Start of Data for the task

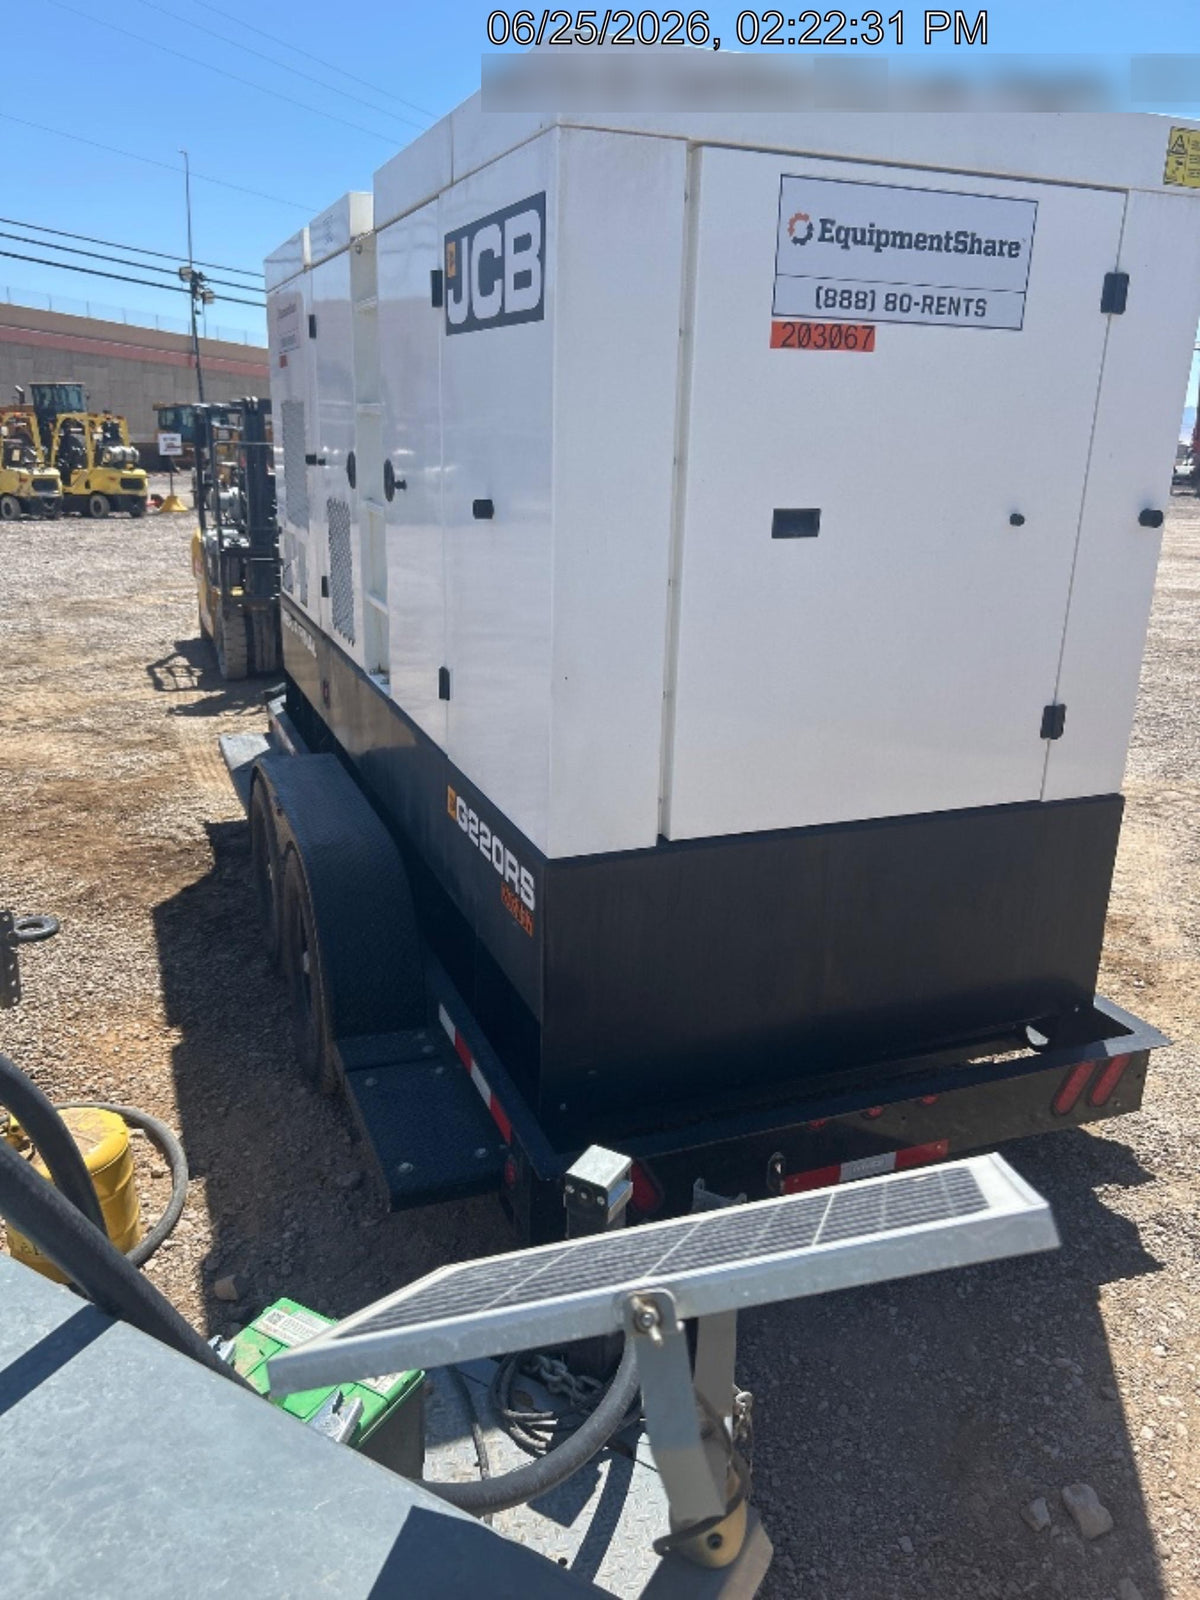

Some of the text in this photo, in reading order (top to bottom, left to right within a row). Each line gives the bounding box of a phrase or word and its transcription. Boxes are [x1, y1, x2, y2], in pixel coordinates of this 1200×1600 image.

[817, 217, 1021, 259] EquipmentShare
[447, 208, 542, 325] JCB
[815, 285, 988, 318] (888) 80-RENTS
[780, 322, 875, 350] 203067
[456, 795, 536, 911] G220RS
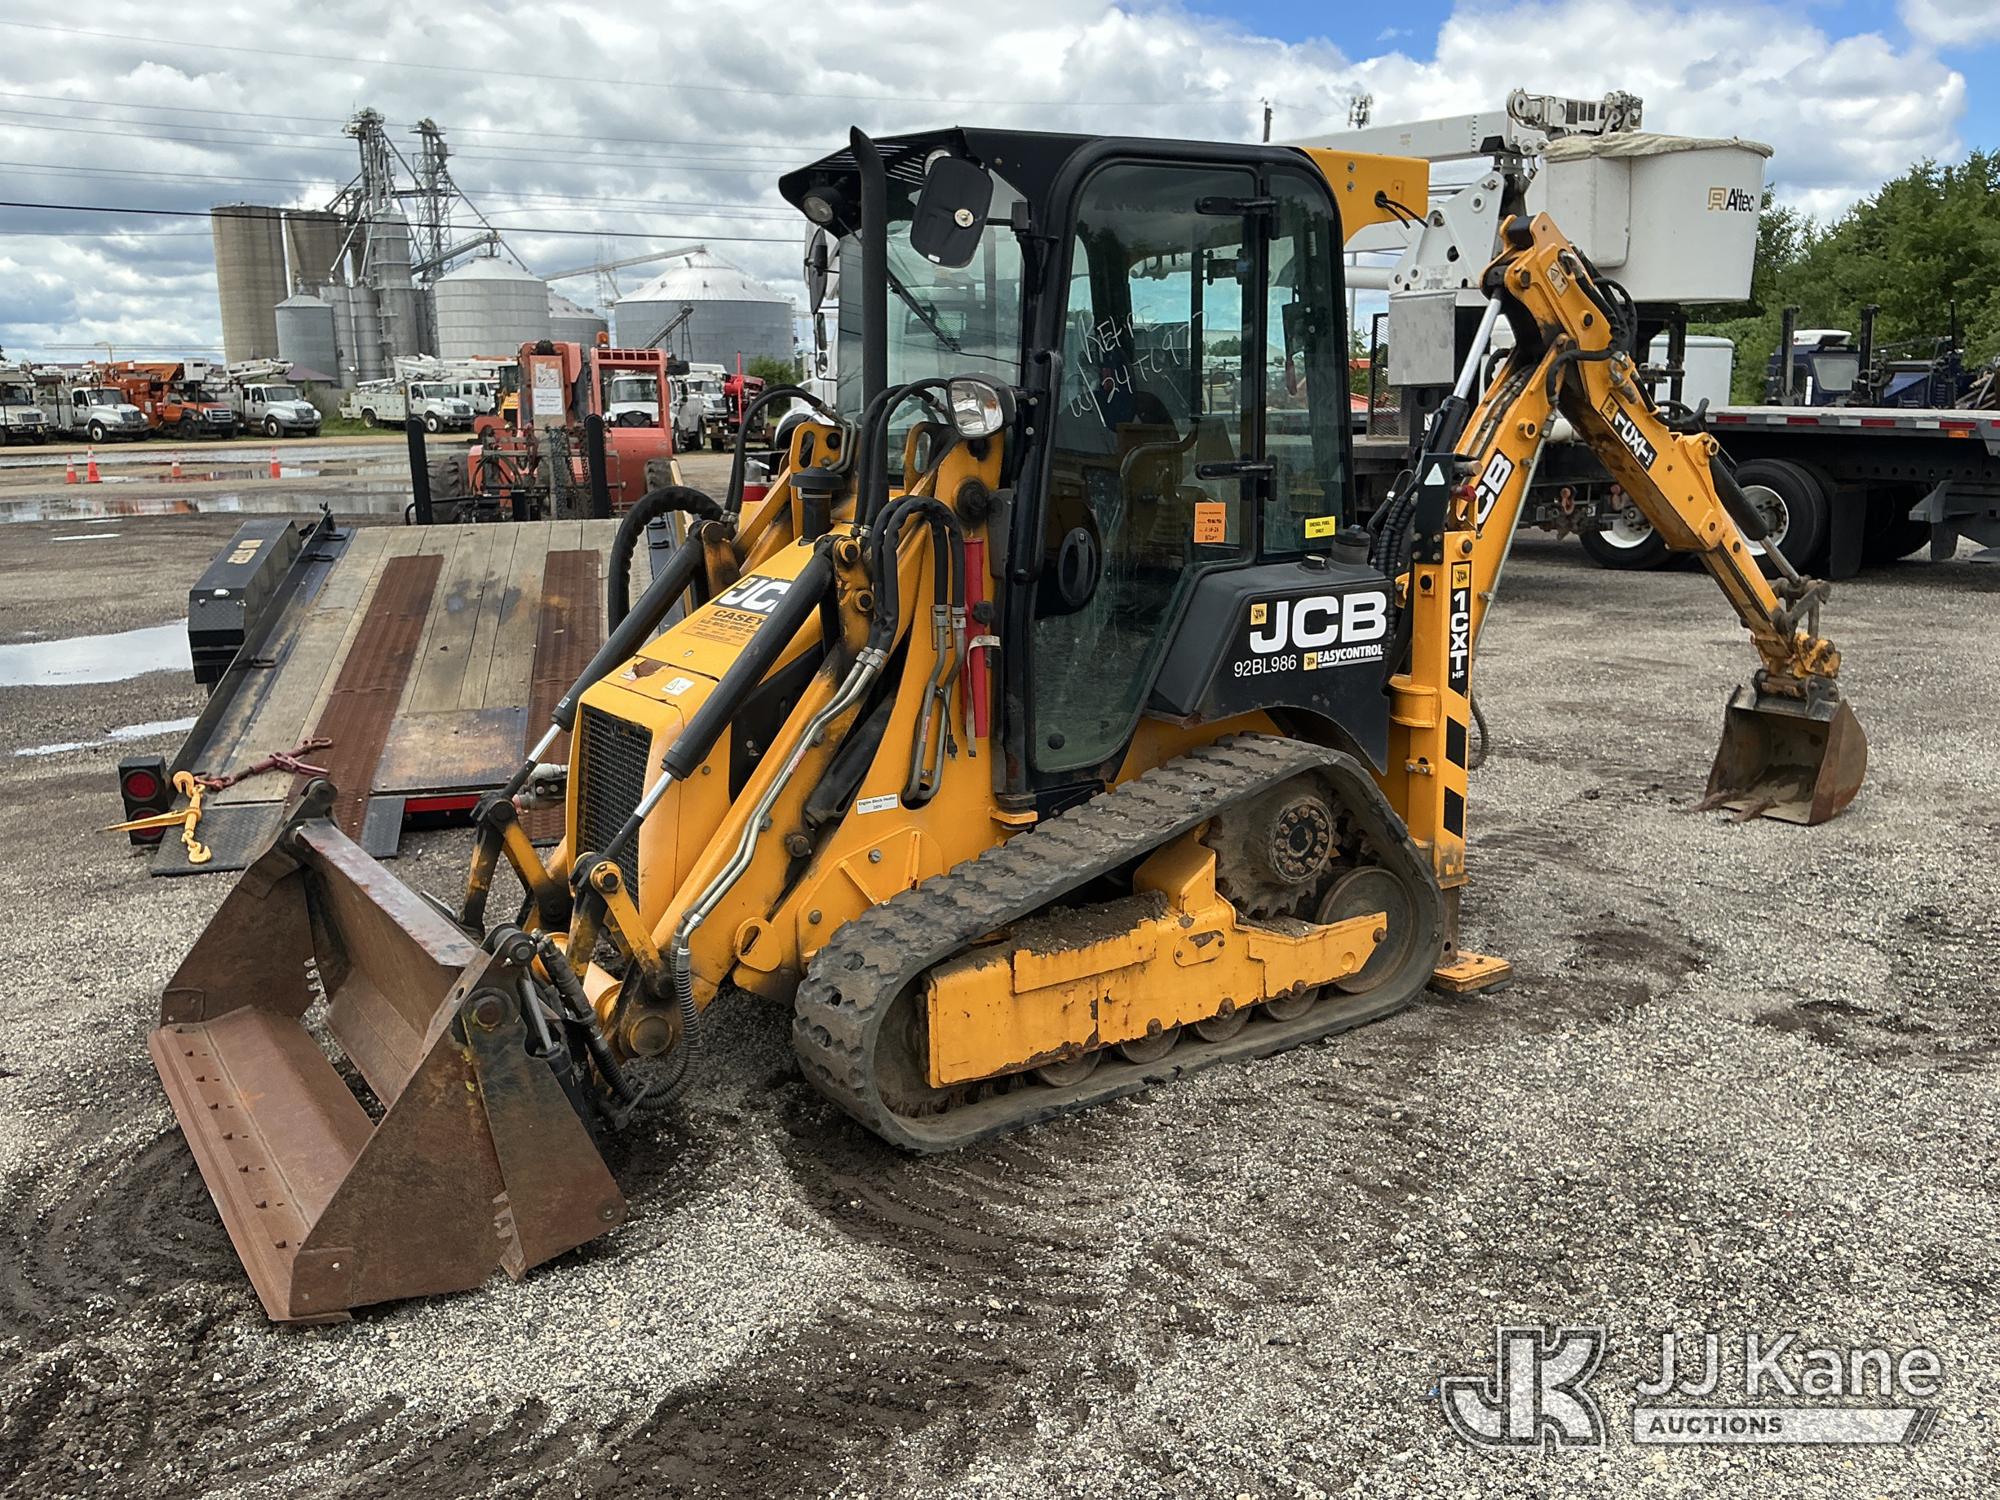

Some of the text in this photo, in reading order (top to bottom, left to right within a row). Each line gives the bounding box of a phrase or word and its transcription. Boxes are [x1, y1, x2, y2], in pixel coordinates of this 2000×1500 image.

[1725, 188, 1754, 212] Altec
[718, 578, 792, 613] JC
[1250, 591, 1387, 654] JCB
[1450, 591, 1469, 671] 1CXT
[1234, 654, 1297, 678] 92BL986
[1317, 644, 1383, 664] EASYCONTROL
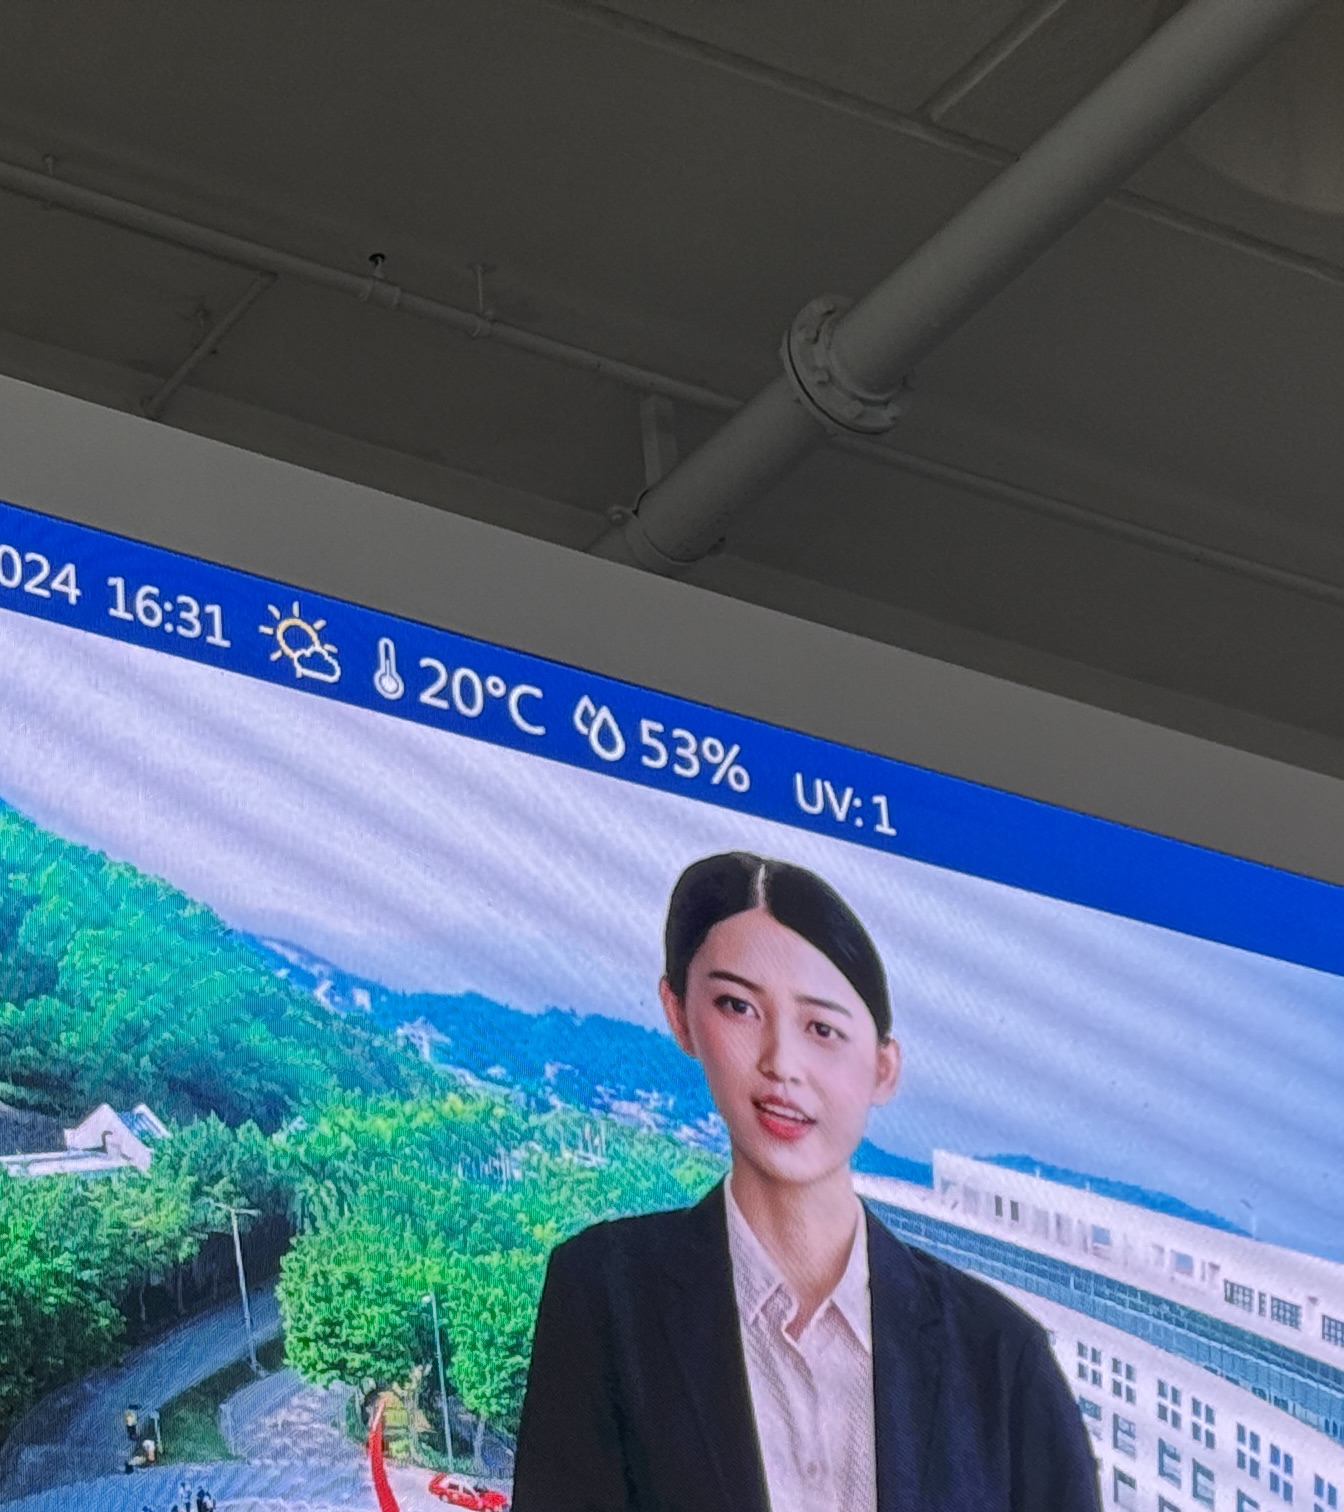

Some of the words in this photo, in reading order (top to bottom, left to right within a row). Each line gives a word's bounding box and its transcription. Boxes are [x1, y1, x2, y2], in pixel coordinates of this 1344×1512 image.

[106, 576, 232, 649] 16:31
[639, 718, 751, 793] 53%
[793, 772, 898, 837] UV:1

End of Data for the task

**Directions**
Reprint each of the records exactly and skip the images.

**Finished task**
Some of the text in this photo, in reading order (top to bottom, left to right within a row). Each line gives the bounding box of a phrase or word and its transcription. Boxes are [x1, y1, x2, y2], in pixel coordinates of this 1200×1600 image.

[817, 217, 1021, 259] EquipmentShare
[447, 208, 542, 325] JCB
[815, 285, 988, 318] (888) 80-RENTS
[780, 322, 875, 350] 203067
[456, 795, 536, 911] G220RS

Some of the text in this photo, in reading order (top to bottom, left to right within a row). Each line gives the bounding box of a phrase or word and its transcription. Boxes are [x1, y1, x2, y2], in pixel coordinates of this 2000×1500 image.

[1725, 188, 1754, 212] Altec
[718, 578, 792, 613] JC
[1250, 591, 1387, 654] JCB
[1450, 591, 1469, 671] 1CXT
[1234, 654, 1297, 678] 92BL986
[1317, 644, 1383, 664] EASYCONTROL

Some of the words in this photo, in reading order (top to bottom, left to right within a row). Each line gives a word's bounding box and its transcription. Boxes are [x1, y1, x2, y2], in pixel coordinates of this 1344×1512 image.

[106, 576, 232, 649] 16:31
[639, 718, 751, 793] 53%
[793, 772, 898, 837] UV:1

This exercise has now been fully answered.